[Opening Input data section]

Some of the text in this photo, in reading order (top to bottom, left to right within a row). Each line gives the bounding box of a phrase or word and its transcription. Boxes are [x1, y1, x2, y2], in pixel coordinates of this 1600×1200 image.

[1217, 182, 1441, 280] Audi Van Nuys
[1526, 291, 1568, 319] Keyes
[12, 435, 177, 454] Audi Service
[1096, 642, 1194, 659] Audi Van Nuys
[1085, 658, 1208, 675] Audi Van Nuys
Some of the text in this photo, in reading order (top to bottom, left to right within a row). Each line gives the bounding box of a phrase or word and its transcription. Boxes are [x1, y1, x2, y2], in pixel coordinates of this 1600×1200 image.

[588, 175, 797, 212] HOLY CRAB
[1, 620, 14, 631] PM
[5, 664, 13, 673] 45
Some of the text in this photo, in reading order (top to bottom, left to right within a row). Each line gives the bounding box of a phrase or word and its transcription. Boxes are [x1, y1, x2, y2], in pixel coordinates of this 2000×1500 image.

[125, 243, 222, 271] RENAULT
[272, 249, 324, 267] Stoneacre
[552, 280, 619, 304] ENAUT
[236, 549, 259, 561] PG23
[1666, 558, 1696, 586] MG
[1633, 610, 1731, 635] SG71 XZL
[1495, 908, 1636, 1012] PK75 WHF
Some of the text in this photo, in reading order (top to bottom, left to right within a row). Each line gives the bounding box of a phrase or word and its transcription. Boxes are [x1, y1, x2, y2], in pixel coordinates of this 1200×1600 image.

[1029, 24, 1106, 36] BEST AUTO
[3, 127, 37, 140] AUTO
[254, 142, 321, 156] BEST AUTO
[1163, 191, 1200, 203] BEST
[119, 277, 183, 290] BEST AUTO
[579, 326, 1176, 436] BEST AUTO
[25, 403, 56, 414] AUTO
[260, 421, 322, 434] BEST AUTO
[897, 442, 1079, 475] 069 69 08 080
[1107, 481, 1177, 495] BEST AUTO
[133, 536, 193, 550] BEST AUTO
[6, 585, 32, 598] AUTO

[Closing Input data section]

Task requirements: Retype all the records, matching them exactly.

Finished task:
Some of the text in this photo, in reading order (top to bottom, left to right within a row). Each line gives the bounding box of a phrase or word and its transcription. Boxes are [x1, y1, x2, y2], in pixel coordinates of this 1600×1200 image.

[1217, 182, 1441, 280] Audi Van Nuys
[1526, 291, 1568, 319] Keyes
[12, 435, 177, 454] Audi Service
[1096, 642, 1194, 659] Audi Van Nuys
[1085, 658, 1208, 675] Audi Van Nuys
Some of the text in this photo, in reading order (top to bottom, left to right within a row). Each line gives the bounding box of a phrase or word and its transcription. Boxes are [x1, y1, x2, y2], in pixel coordinates of this 1600×1200 image.

[588, 175, 797, 212] HOLY CRAB
[1, 620, 14, 631] PM
[5, 664, 13, 673] 45
Some of the text in this photo, in reading order (top to bottom, left to right within a row). Each line gives the bounding box of a phrase or word and its transcription. Boxes are [x1, y1, x2, y2], in pixel coordinates of this 2000×1500 image.

[125, 243, 222, 271] RENAULT
[272, 249, 324, 267] Stoneacre
[552, 280, 619, 304] ENAUT
[236, 549, 259, 561] PG23
[1666, 558, 1696, 586] MG
[1633, 610, 1731, 635] SG71 XZL
[1495, 908, 1636, 1012] PK75 WHF
Some of the text in this photo, in reading order (top to bottom, left to right within a row). Each line gives the bounding box of a phrase or word and its transcription. Boxes are [x1, y1, x2, y2], in pixel coordinates of this 1200×1600 image.

[1029, 24, 1106, 36] BEST AUTO
[3, 127, 37, 140] AUTO
[254, 142, 321, 156] BEST AUTO
[1163, 191, 1200, 203] BEST
[119, 277, 183, 290] BEST AUTO
[579, 326, 1176, 436] BEST AUTO
[25, 403, 56, 414] AUTO
[260, 421, 322, 434] BEST AUTO
[897, 442, 1079, 475] 069 69 08 080
[1107, 481, 1177, 495] BEST AUTO
[133, 536, 193, 550] BEST AUTO
[6, 585, 32, 598] AUTO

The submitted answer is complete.